Work to be completed:
Repeat the data in full and exactly. Leave the pictures out.

Image-backed grounding data:
★ ★ ★

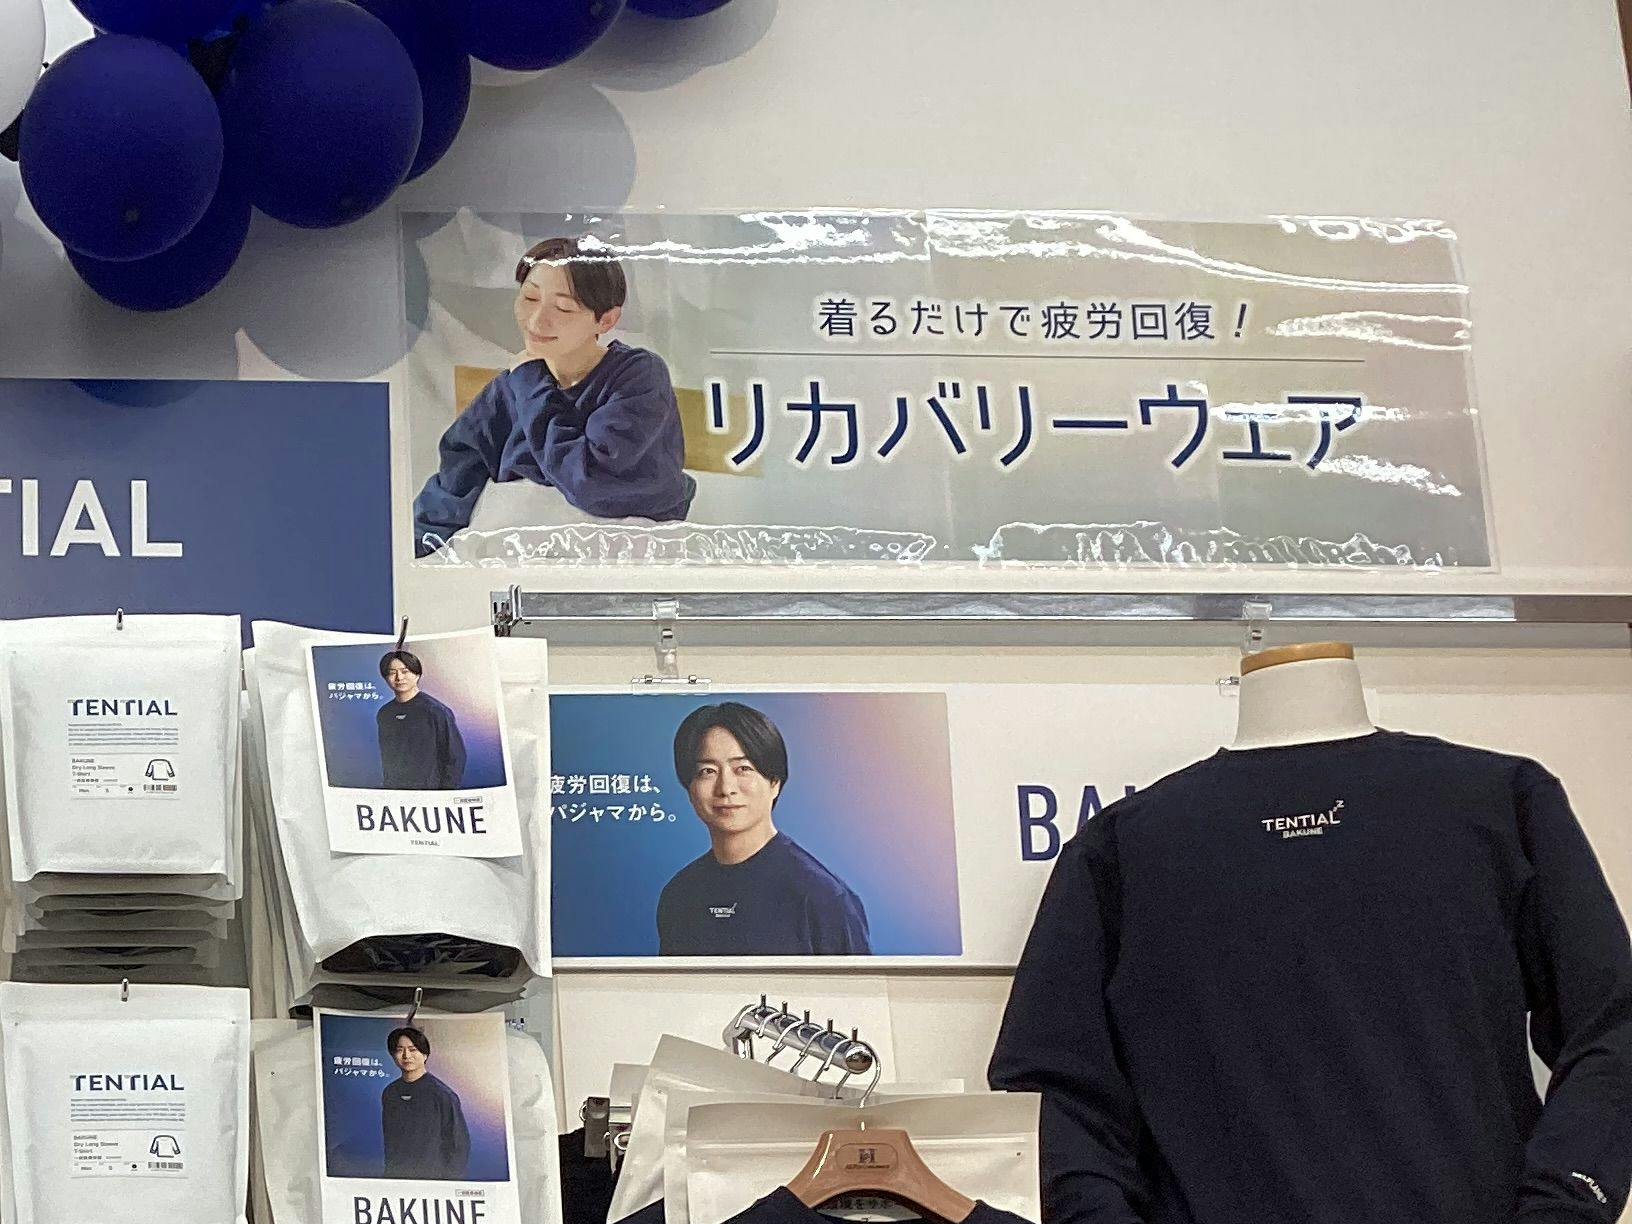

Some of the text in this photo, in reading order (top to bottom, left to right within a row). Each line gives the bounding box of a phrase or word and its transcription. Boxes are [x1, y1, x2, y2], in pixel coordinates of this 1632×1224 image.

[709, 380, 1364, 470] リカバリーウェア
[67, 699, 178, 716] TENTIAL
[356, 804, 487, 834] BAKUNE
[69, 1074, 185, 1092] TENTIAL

★ ★ ★

Response area:
Some of the text in this photo, in reading order (top to bottom, left to right within a row). Each line gives the bounding box of a phrase or word and its transcription. Boxes are [x1, y1, x2, y2], in pixel coordinates of this 1632×1224 image.

[709, 380, 1364, 470] リカバリーウェア
[67, 699, 178, 716] TENTIAL
[356, 804, 487, 834] BAKUNE
[69, 1074, 185, 1092] TENTIAL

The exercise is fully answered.